*The task*. Your copy should match the records below word for word and contain no pictures.
○ ○ ○
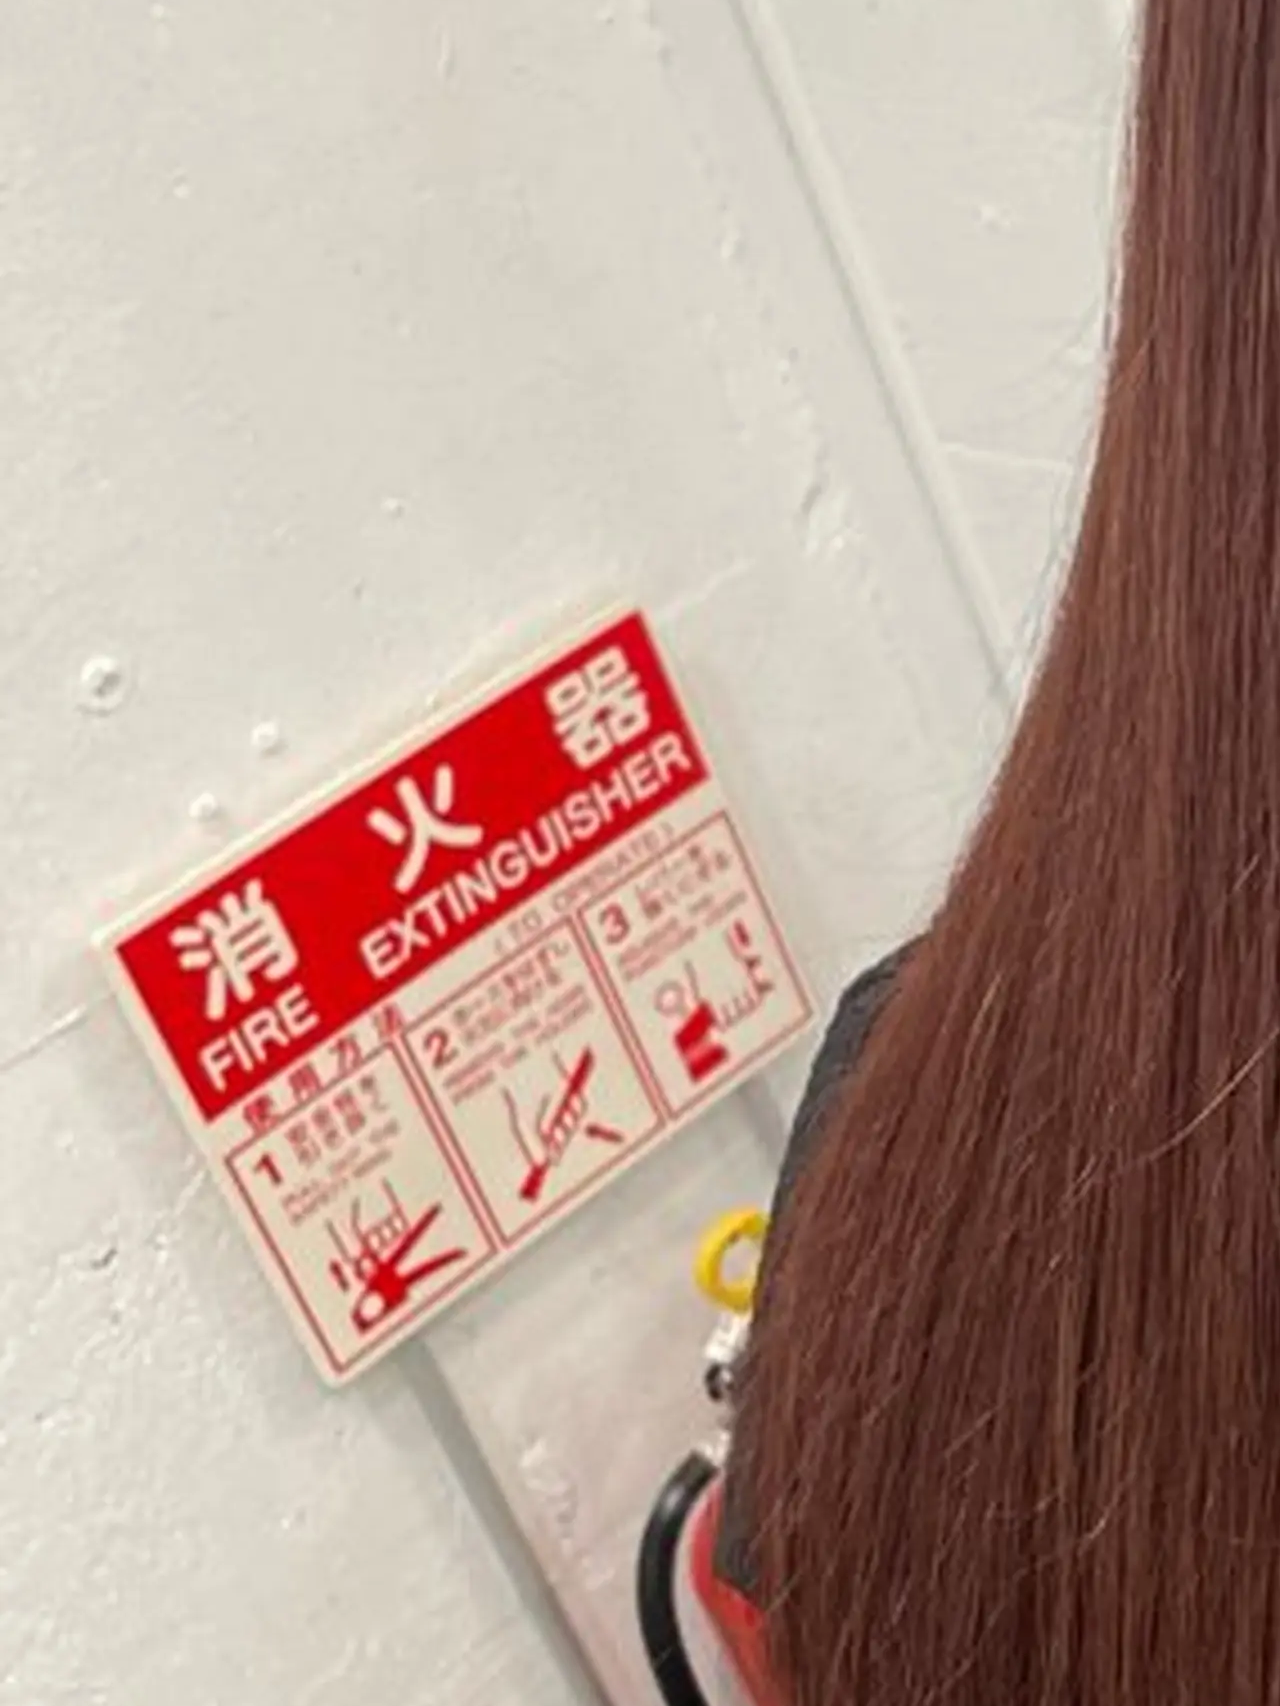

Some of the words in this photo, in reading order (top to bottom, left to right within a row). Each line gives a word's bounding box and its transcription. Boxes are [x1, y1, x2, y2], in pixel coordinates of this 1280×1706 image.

[170, 646, 650, 1021] 消火器
[198, 983, 319, 1092] FIRE
[359, 735, 694, 980] EXTINGUISHER
[599, 904, 631, 945] 3
[424, 1030, 459, 1069] 2
[253, 1153, 283, 1185] 1
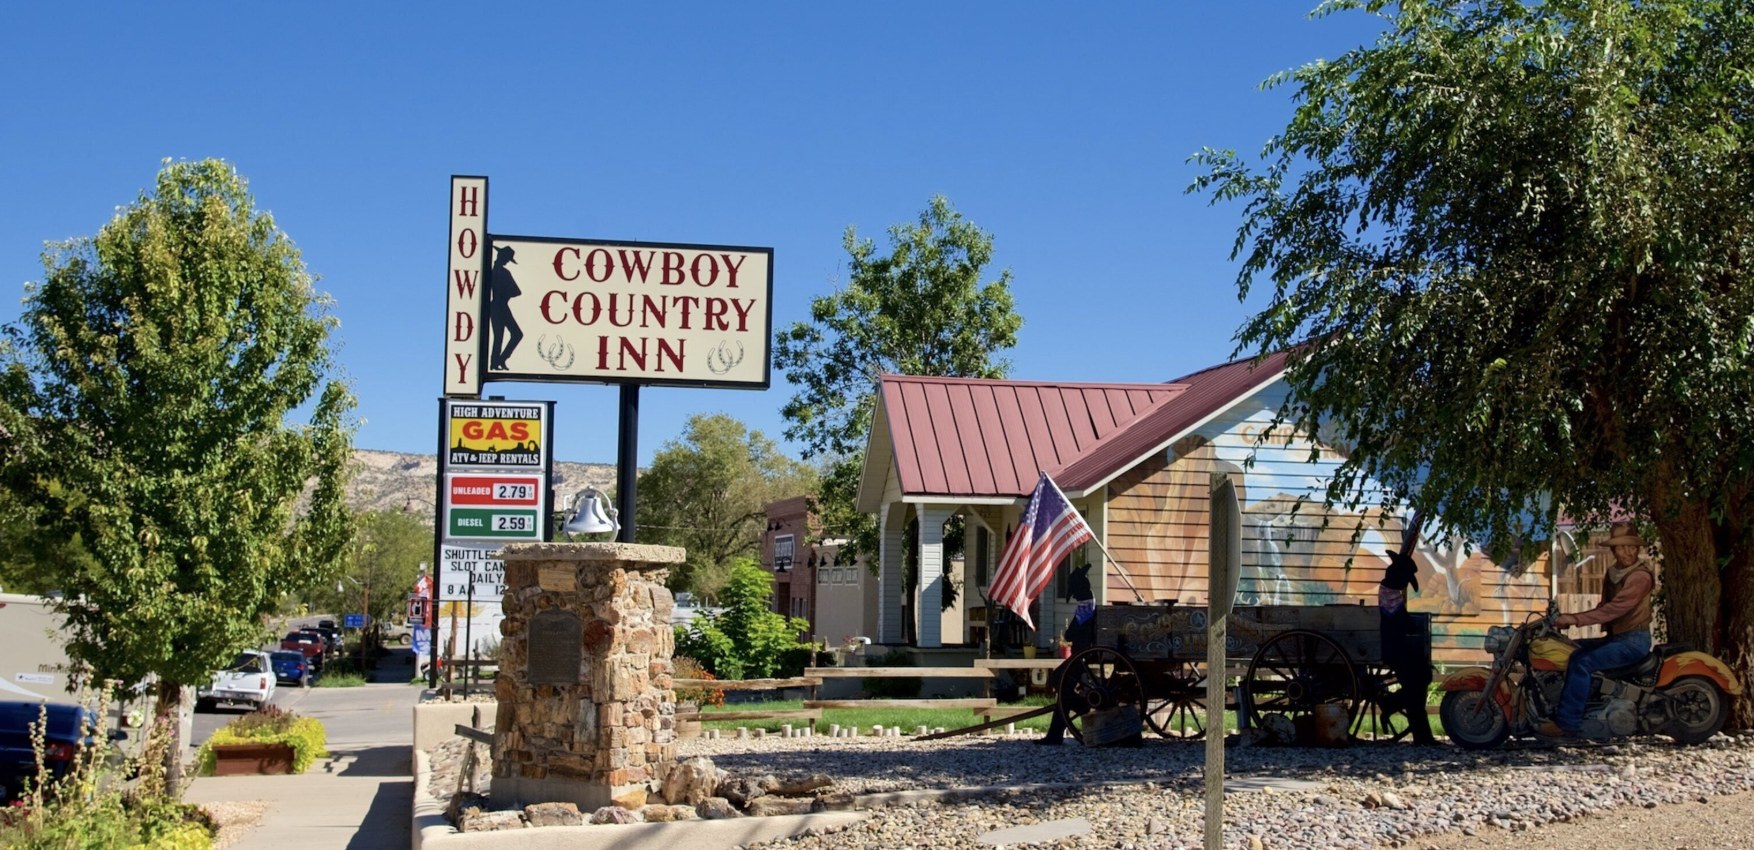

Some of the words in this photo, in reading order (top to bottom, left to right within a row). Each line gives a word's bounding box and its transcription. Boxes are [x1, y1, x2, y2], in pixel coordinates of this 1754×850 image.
○ ○ ○
*The answer*.
Some of the words in this photo, in reading order (top to bottom, left to right within a row). Each line gives a word's bounding box and its transcription. Boxes are [x1, y1, x2, y2], in pixel coordinates of this 1280×1706 image.

[170, 646, 650, 1021] 消火器
[198, 983, 319, 1092] FIRE
[359, 735, 694, 980] EXTINGUISHER
[599, 904, 631, 945] 3
[424, 1030, 459, 1069] 2
[253, 1153, 283, 1185] 1

Some of the words in this photo, in reading order (top to bottom, left to right within a row). Each line gives a word's bounding box and its transcription. Boxes are [x1, y1, x2, y2], in pixel coordinates of this 1754×850 image.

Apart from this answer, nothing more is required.